Dans le chapitre traitant des transports de l’Histoire quantitative de l’économie française, Jean-Claude Toutain (1967, p. 277) donne ainsi quelques informations intéressantes à ce propos. Il met par exemple en évidence une décroissance continue des tarifs ferroviaires de 1840 à 1913 qui passent de 7,1 centimes/V.K à 4 c/V.K.. Dans L’Histoire économique et sociale de la France, on trouve les chiffres suivant : de 7c en 1841 à 5,04 en 1880 (Léon, 1976, pp. 267-268) et de 5,2c en 1877 à 3,4 en 1913 (Caron et Bouvier, 1979, p. 126). Ensuite, l’existence d’une inflation non nulle provoque une hausse des prix en francs courants. Alain Bonnafous (1995), citant Michel Savy, évoque néanmoins une division par 7 du prix de la tonne.kilomètre entre 1841 et 1990. Pour Patrick Verlay (1997, p. 194), la diminution des coûts de transport tout au long du XIXe siècle ne fait pas de doute non plus.
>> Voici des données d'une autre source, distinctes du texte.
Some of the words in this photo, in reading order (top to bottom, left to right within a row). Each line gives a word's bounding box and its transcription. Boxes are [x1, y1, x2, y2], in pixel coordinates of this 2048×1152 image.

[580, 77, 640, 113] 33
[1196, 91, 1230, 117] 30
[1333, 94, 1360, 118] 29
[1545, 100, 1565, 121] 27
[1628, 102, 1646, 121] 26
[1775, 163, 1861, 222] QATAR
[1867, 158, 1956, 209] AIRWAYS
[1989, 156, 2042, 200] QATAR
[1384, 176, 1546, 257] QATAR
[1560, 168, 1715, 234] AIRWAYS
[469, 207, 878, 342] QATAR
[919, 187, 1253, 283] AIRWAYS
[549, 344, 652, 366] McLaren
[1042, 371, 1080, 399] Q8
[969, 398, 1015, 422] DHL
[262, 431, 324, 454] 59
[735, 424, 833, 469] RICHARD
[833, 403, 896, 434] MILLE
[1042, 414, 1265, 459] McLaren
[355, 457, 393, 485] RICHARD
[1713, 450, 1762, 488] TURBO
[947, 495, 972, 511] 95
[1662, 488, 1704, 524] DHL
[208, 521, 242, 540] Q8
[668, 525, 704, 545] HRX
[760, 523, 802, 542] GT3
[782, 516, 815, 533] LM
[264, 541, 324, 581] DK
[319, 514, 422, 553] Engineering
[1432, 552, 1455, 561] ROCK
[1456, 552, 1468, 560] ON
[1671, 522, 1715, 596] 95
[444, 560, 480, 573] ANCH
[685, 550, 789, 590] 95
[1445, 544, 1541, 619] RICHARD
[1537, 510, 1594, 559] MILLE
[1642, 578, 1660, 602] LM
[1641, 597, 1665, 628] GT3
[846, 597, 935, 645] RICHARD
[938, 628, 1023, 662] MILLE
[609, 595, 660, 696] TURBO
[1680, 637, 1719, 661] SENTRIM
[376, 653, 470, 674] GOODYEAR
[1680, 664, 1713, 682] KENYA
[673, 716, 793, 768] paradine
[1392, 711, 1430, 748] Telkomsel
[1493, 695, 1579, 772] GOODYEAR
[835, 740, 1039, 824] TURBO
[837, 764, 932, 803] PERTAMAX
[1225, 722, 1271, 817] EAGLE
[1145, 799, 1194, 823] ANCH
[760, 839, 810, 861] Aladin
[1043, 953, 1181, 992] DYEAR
Il présente, concernant le déplacement des marchandises, des résultats par mode tout à fait éloquents. De même, Gérard Landgraf (1973, p. 32) évoque une réduction tarifaire de 17,8% sur les chemins de fer français entre 1890 et 1900. Concernant « le système de transport préferroviaire », c’est-à-dire la période avant 1840-1850, François Caron dresse le même constat (1997, p. 71).
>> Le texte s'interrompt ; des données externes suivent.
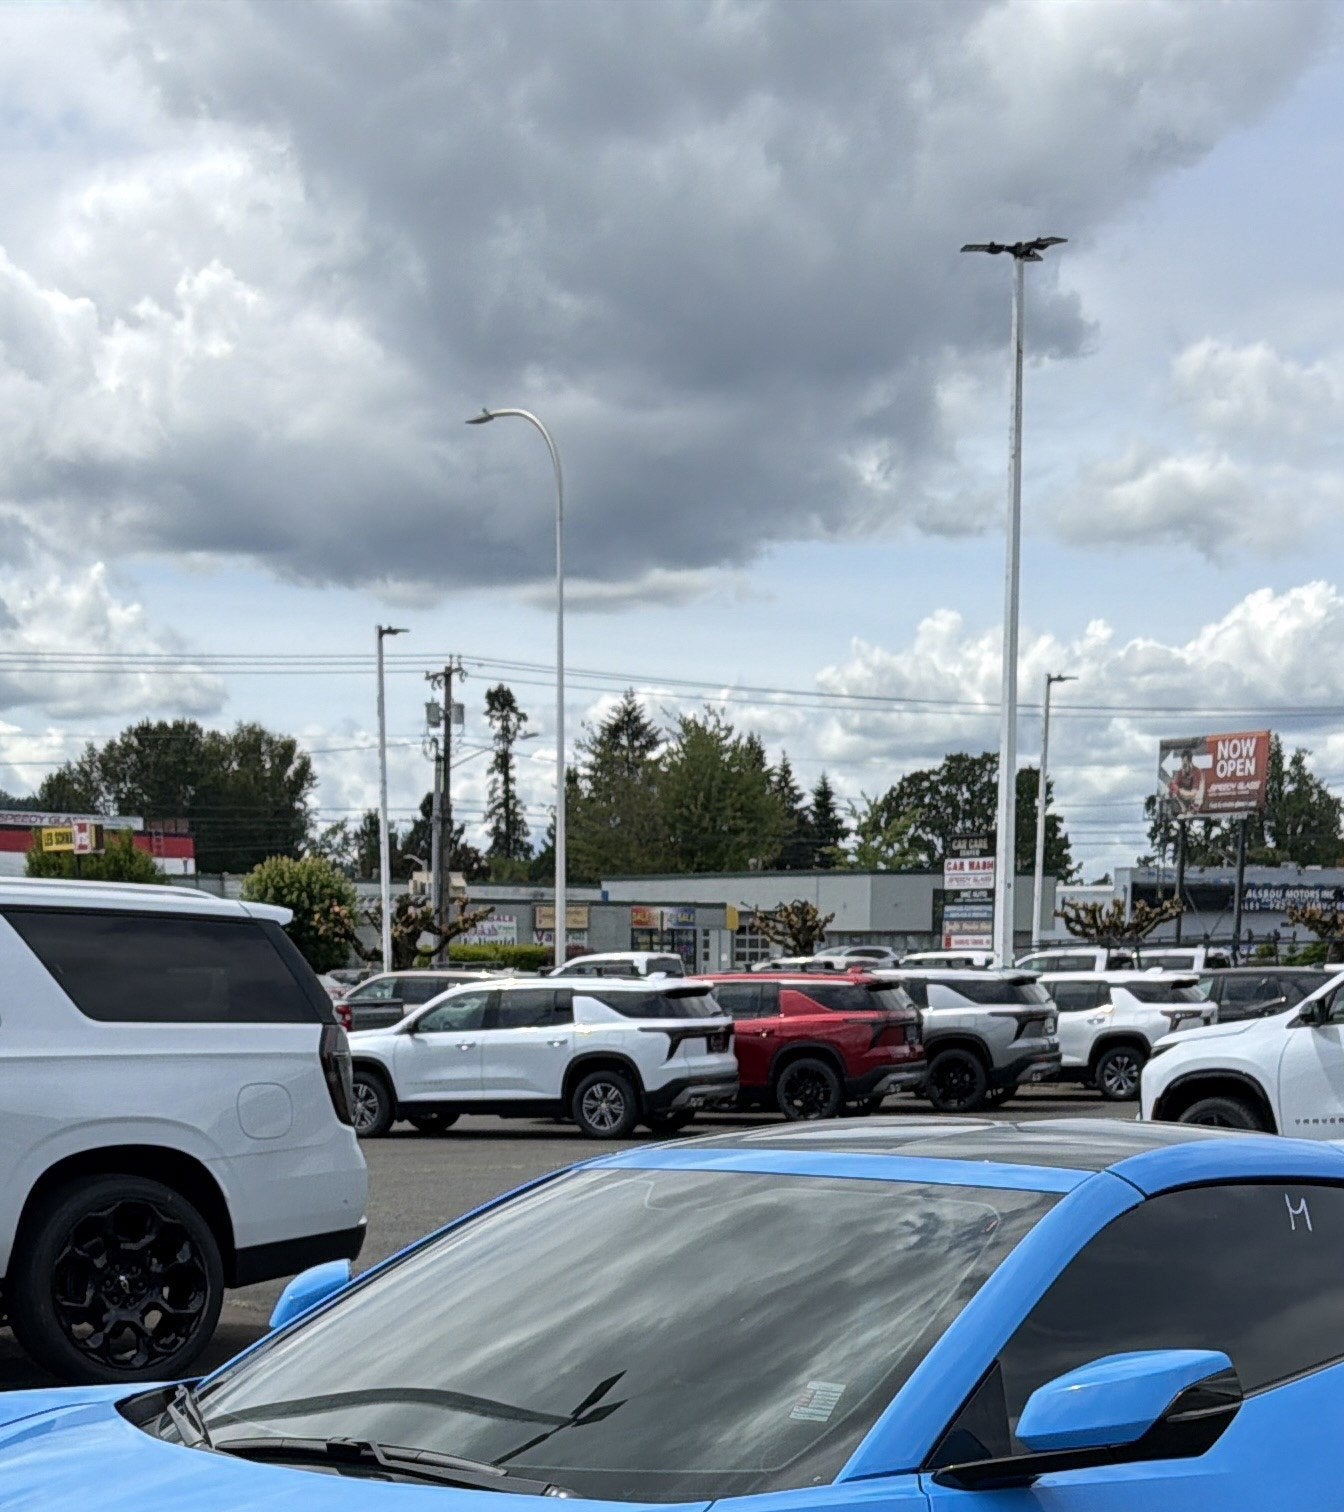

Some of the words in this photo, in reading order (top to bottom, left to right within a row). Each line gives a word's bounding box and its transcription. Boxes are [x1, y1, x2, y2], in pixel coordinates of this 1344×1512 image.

La grande vitesse ferroviaire, d’un certain point de vue, n’est pas en rupture avec de telles évolutions. Le jeu de concurrence s’établissant entre les exploitants aériens et celui du TGV peut éclairer cet aspect. Le raisonnement s’appuie sur le seul fait qu’il existe une concurrence entre les deux modes. En effet, sur le court terme, les performances techniques de chacun d’eux peuvent être considérées comme fixées, celles du TGV étant dans le cas général un peu en deçà de celles de l’avion. La compétition porte donc principalement sur les prix, critère pour lequel l’avantage est globalement inversé. Le train, à performances comparables est donc moins onéreux – confirmant ainsi l’hypothèse de décroissance des coûts de transport – mais demeure suffisamment proche de l’avion pour qu’une concurrence s’instaure – infirmant de cette manière l’hypothèse d’une véritable rupture –.
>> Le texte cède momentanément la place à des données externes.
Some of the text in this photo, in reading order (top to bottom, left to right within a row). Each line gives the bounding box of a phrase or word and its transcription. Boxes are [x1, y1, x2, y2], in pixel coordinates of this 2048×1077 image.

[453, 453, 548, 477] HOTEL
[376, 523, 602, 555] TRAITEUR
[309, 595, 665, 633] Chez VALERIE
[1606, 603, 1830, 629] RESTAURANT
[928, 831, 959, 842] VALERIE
Si l’on compare maintenant les tarifs du TGV à ceux qui prévalaient sur les trains classiques avant leur suppression, la conclusion est inversée. La perspective de longue durée adoptée dans ces pages oblige cependant à considérer ces hausses comme contingentes, comme des accidents de parcours en quelque sorte. Plusieurs considérations autorisent cette légèreté sur une question qui a fait l’objet de vifs débats, en particulier en France. Il faut d’abord constater que la politique de la SNCF a été plutôt versatile ces derniers temps concernant la tarification de la grande vitesse. D’abord tarifé au même prix, à peu de chose près, que le train classique, le TGV a ensuite été vendu le plus cher possible avant qu’enfin la SNCF choisisse de maximiser son trafic et non plus ses recettes unitaires. La montée régulière de la pression concurrentielle sur le système ferroviaire est un deuxième élément qui empêche vraisemblablement que la revalorisation des tarifs ferroviaires puisse être un phénomène durable. Enfin, il est difficile de raisonner les évolutions tarifaires de longue période en prenant comme base un mode – le train classique à grand parcours – qui ne constitue qu’une partie d’un système technique plus vaste, dont les performances semblent figées depuis de longues années et dont le niveau de service offert paraît socialement de plus en plus obsolète.

Notes
16.

()011Cet élargissement des préoccupations à d’autres caractéristiques que la seule vitesse permet aussi de revenir brièvement sur la controverse déjà mentionnée à propos du délai nécessaire à César et Napoléon pour rallier Lutèce (ou Paris) à Rome. Il est clair, en effet, que la disposition par le second de bêtes de traits qui, grâce au collier d’épaule, pouvaient acheminer des charges considérablement plus importantes, transforme la nature du trajet. La performance de la Grande Armée n’est en rien comparable à celle des légions romaines.

17.

()011D’après Yves Lequin, cité par Fernand Braudel (1986, tome 3, p. 198), la fortune moyenne des français aurait été multipliée, avec bien des inégalités, par 4,5 de 1825 à 1914.